Contents of requirements.txt


                            #
                            ####### requirements.txt #######
                            #
                            ###### Requirements without Version Specifiers ######
                            pytest
                            pytest-cov
                            #
                            ###### Requirements with Version Specifiers ######
                            #   See https://www.python.org/dev/peps/pep-0440/#version-specifiers
                            numpy >= 1.12.0
                            pint >= 0.7.2
                            #
                        

Using conda



                            language: python
                            python:
                            - "3.5"
                            - "3.6"

                            install:
                                - if [[ "$TRAVIS_OS_NAME" == "linux" ]]; then
                                    wget https://repo.continuum.io/miniconda/Miniconda3-latest-Linux-x86_64.sh -O miniconda.sh;
                                    elif [[ "$TRAVIS_OS_NAME" == "osx" ]]; then
                                    wget https://repo.continuum.io/miniconda/Miniconda3-latest-MacOSX-x86_64.sh -O miniconda.sh;
                                    fi
                                - bash miniconda.sh -b -p $HOME/miniconda
                                - rm miniconda.sh
                                - source $HOME/miniconda/etc/profile.d/conda.sh && conda activate
                                - conda config --set always_yes yes --set changeps1 no
                                - conda update -q conda
                                - conda update -q --all
                                - conda config --append channels conda-forge
                                - conda env create -qf test-environment.yaml;
                                - source activate test-environment;
                            script:
                                - pytest -vv --cov=./;
                        

Contents of test-environment.yaml


                            name: test-environment
                            channels:
                            - defaults
                            - conda-forge
                            dependencies:
                                - python=3.5
                                - numpy>=1.12.0
                                - pytest>=3.2.0
                                - pytest-cov
                                - pint>=0.7.2
                        

Getting started with Travis CI (contd.)


  1. git add .travis.yml test-environment.yaml, commit, and push to GitHub
  2. Check the build status page to see if the build passes or fails
  3. (Optional) Add a status badge to your README: Build Status (Get this from your Repository page on Travis CI)

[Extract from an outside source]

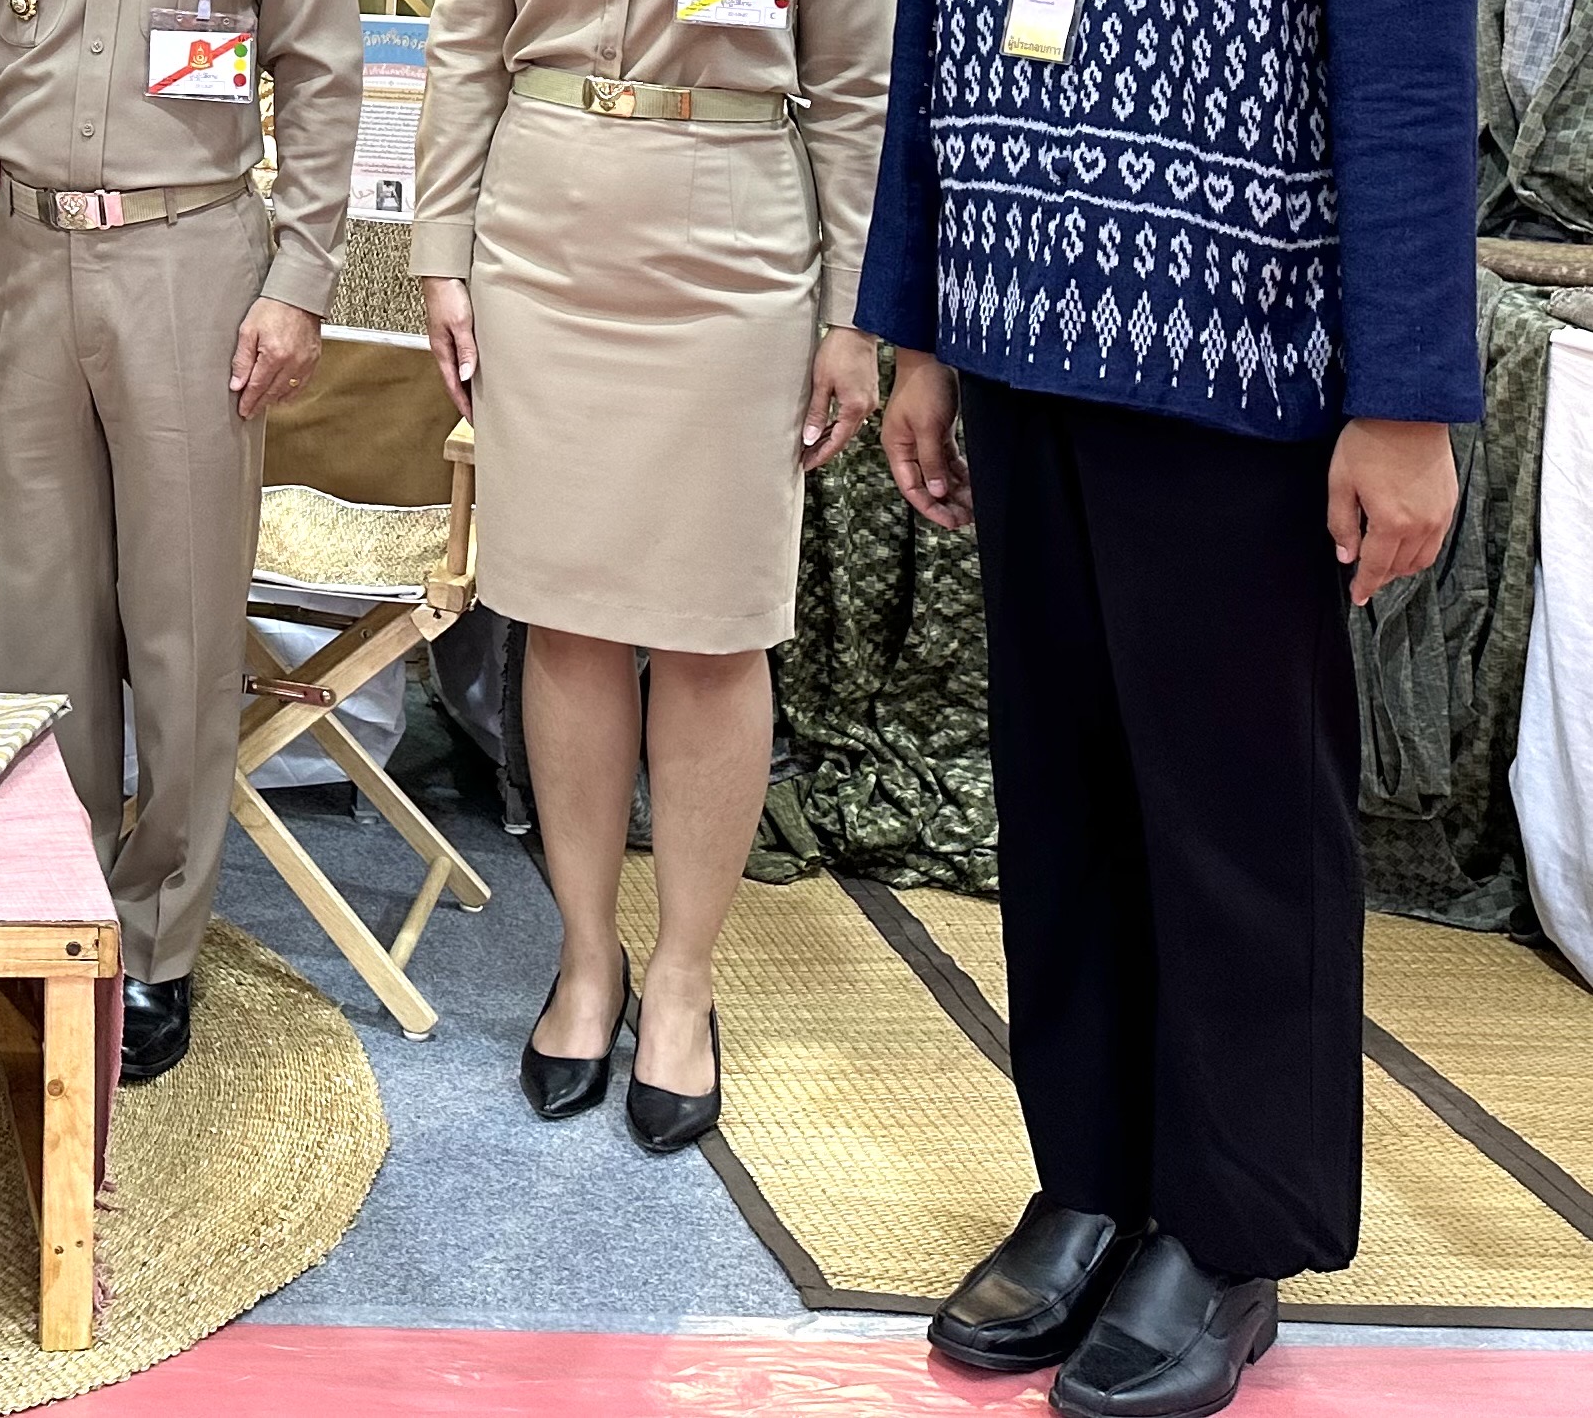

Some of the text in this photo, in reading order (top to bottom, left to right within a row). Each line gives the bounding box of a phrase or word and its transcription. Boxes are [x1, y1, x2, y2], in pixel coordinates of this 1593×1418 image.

GitHub will use Travis CI to tell you if Pull Requests are safe to merge!

Initial project work


  1. Come up with a name for your project's package (if you haven't already)
  2. Create a repository in the SoftwareDevEngResearch organization. Initialize with a README, LICENSE, and .gitignore
  3. Fork this repo to your account, and clone to your computer.
  4. Add the basic elements of your package: create a directory with the name, and inside that create __init__.py.
  5. What modules do you anticipate needing/creating? Let's spend a few minutes brainstorming how to structure your program.
  6. Commit and push your work, then submit a pull request to the upstream fork.